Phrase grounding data

++++

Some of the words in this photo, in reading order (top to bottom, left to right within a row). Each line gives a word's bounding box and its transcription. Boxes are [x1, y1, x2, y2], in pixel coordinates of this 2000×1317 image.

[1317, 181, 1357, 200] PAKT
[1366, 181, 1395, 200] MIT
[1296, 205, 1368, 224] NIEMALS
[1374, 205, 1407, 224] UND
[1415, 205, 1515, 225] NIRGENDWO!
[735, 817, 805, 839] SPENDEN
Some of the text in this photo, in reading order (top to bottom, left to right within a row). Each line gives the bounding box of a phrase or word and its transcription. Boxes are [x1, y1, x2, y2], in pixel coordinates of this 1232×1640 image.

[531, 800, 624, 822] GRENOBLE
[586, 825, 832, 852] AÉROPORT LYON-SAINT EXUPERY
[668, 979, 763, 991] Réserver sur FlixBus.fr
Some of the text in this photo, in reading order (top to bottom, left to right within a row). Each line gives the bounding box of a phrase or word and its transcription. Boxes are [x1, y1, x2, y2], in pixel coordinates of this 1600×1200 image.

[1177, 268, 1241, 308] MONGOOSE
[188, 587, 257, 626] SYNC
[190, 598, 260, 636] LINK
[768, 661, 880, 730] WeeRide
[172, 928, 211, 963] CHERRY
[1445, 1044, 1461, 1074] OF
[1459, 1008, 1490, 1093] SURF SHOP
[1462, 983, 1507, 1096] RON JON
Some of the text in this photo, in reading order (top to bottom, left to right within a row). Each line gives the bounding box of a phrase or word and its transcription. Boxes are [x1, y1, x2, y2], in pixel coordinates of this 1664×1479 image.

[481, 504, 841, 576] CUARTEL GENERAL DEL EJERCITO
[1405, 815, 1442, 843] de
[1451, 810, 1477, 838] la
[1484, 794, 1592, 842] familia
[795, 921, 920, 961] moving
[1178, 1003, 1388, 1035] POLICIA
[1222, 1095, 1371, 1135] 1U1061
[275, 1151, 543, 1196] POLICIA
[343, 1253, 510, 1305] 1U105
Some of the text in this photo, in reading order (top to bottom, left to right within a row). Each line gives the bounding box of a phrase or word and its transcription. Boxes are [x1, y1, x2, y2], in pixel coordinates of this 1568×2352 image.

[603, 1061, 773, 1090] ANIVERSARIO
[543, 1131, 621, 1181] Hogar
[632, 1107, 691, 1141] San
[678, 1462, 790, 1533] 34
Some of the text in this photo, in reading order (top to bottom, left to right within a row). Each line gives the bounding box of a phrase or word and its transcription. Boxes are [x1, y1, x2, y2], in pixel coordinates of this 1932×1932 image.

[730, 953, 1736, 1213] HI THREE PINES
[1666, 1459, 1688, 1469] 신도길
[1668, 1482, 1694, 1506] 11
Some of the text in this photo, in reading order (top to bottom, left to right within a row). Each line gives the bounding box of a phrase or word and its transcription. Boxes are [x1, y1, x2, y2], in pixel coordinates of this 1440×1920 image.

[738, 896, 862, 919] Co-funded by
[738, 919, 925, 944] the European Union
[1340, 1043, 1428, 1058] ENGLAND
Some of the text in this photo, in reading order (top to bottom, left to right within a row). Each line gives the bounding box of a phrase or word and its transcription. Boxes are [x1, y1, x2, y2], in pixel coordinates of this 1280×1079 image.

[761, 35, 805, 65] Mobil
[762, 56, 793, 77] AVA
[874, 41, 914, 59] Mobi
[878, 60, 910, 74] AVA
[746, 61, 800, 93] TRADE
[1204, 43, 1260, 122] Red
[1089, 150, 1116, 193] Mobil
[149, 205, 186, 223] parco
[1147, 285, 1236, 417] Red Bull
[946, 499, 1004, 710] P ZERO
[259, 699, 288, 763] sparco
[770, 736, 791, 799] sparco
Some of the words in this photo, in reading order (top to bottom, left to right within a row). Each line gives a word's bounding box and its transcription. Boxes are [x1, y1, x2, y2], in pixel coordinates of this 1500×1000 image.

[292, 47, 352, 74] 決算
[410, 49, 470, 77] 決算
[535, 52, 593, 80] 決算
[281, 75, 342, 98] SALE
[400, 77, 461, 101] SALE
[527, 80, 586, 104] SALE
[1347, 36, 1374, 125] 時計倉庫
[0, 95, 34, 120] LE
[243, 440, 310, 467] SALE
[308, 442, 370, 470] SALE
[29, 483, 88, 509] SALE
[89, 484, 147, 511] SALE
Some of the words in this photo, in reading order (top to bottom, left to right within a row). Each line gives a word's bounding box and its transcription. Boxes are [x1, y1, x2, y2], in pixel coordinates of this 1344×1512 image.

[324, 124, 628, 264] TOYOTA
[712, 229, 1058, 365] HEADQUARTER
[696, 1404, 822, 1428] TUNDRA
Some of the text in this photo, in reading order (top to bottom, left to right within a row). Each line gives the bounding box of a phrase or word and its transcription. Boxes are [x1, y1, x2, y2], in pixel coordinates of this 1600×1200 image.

++++

◆ **Instructions to follow**
What is wanted is every line above, written out exactly.

◆ **Reply**
Some of the words in this photo, in reading order (top to bottom, left to right within a row). Each line gives a word's bounding box and its transcription. Boxes are [x1, y1, x2, y2], in pixel coordinates of this 2000×1317 image.

[1317, 181, 1357, 200] PAKT
[1366, 181, 1395, 200] MIT
[1296, 205, 1368, 224] NIEMALS
[1374, 205, 1407, 224] UND
[1415, 205, 1515, 225] NIRGENDWO!
[735, 817, 805, 839] SPENDEN
Some of the text in this photo, in reading order (top to bottom, left to right within a row). Each line gives the bounding box of a phrase or word and its transcription. Boxes are [x1, y1, x2, y2], in pixel coordinates of this 1232×1640 image.

[531, 800, 624, 822] GRENOBLE
[586, 825, 832, 852] AÉROPORT LYON-SAINT EXUPERY
[668, 979, 763, 991] Réserver sur FlixBus.fr
Some of the text in this photo, in reading order (top to bottom, left to right within a row). Each line gives the bounding box of a phrase or word and its transcription. Boxes are [x1, y1, x2, y2], in pixel coordinates of this 1600×1200 image.

[1177, 268, 1241, 308] MONGOOSE
[188, 587, 257, 626] SYNC
[190, 598, 260, 636] LINK
[768, 661, 880, 730] WeeRide
[172, 928, 211, 963] CHERRY
[1445, 1044, 1461, 1074] OF
[1459, 1008, 1490, 1093] SURF SHOP
[1462, 983, 1507, 1096] RON JON
Some of the text in this photo, in reading order (top to bottom, left to right within a row). Each line gives the bounding box of a phrase or word and its transcription. Boxes are [x1, y1, x2, y2], in pixel coordinates of this 1664×1479 image.

[481, 504, 841, 576] CUARTEL GENERAL DEL EJERCITO
[1405, 815, 1442, 843] de
[1451, 810, 1477, 838] la
[1484, 794, 1592, 842] familia
[795, 921, 920, 961] moving
[1178, 1003, 1388, 1035] POLICIA
[1222, 1095, 1371, 1135] 1U1061
[275, 1151, 543, 1196] POLICIA
[343, 1253, 510, 1305] 1U105
Some of the text in this photo, in reading order (top to bottom, left to right within a row). Each line gives the bounding box of a phrase or word and its transcription. Boxes are [x1, y1, x2, y2], in pixel coordinates of this 1568×2352 image.

[603, 1061, 773, 1090] ANIVERSARIO
[543, 1131, 621, 1181] Hogar
[632, 1107, 691, 1141] San
[678, 1462, 790, 1533] 34
Some of the text in this photo, in reading order (top to bottom, left to right within a row). Each line gives the bounding box of a phrase or word and its transcription. Boxes are [x1, y1, x2, y2], in pixel coordinates of this 1932×1932 image.

[730, 953, 1736, 1213] HI THREE PINES
[1666, 1459, 1688, 1469] 신도길
[1668, 1482, 1694, 1506] 11
Some of the text in this photo, in reading order (top to bottom, left to right within a row). Each line gives the bounding box of a phrase or word and its transcription. Boxes are [x1, y1, x2, y2], in pixel coordinates of this 1440×1920 image.

[738, 896, 862, 919] Co-funded by
[738, 919, 925, 944] the European Union
[1340, 1043, 1428, 1058] ENGLAND
Some of the text in this photo, in reading order (top to bottom, left to right within a row). Each line gives the bounding box of a phrase or word and its transcription. Boxes are [x1, y1, x2, y2], in pixel coordinates of this 1280×1079 image.

[761, 35, 805, 65] Mobil
[762, 56, 793, 77] AVA
[874, 41, 914, 59] Mobi
[878, 60, 910, 74] AVA
[746, 61, 800, 93] TRADE
[1204, 43, 1260, 122] Red
[1089, 150, 1116, 193] Mobil
[149, 205, 186, 223] parco
[1147, 285, 1236, 417] Red Bull
[946, 499, 1004, 710] P ZERO
[259, 699, 288, 763] sparco
[770, 736, 791, 799] sparco
Some of the words in this photo, in reading order (top to bottom, left to right within a row). Each line gives a word's bounding box and its transcription. Boxes are [x1, y1, x2, y2], in pixel coordinates of this 1500×1000 image.

[292, 47, 352, 74] 決算
[410, 49, 470, 77] 決算
[535, 52, 593, 80] 決算
[281, 75, 342, 98] SALE
[400, 77, 461, 101] SALE
[527, 80, 586, 104] SALE
[1347, 36, 1374, 125] 時計倉庫
[0, 95, 34, 120] LE
[243, 440, 310, 467] SALE
[308, 442, 370, 470] SALE
[29, 483, 88, 509] SALE
[89, 484, 147, 511] SALE
Some of the words in this photo, in reading order (top to bottom, left to right within a row). Each line gives a word's bounding box and its transcription. Boxes are [x1, y1, x2, y2], in pixel coordinates of this 1344×1512 image.

[324, 124, 628, 264] TOYOTA
[712, 229, 1058, 365] HEADQUARTER
[696, 1404, 822, 1428] TUNDRA
Some of the text in this photo, in reading order (top to bottom, left to right within a row). Each line gives the bounding box of a phrase or word and its transcription. Boxes are [x1, y1, x2, y2], in pixel coordinates of this 1600×1200 image.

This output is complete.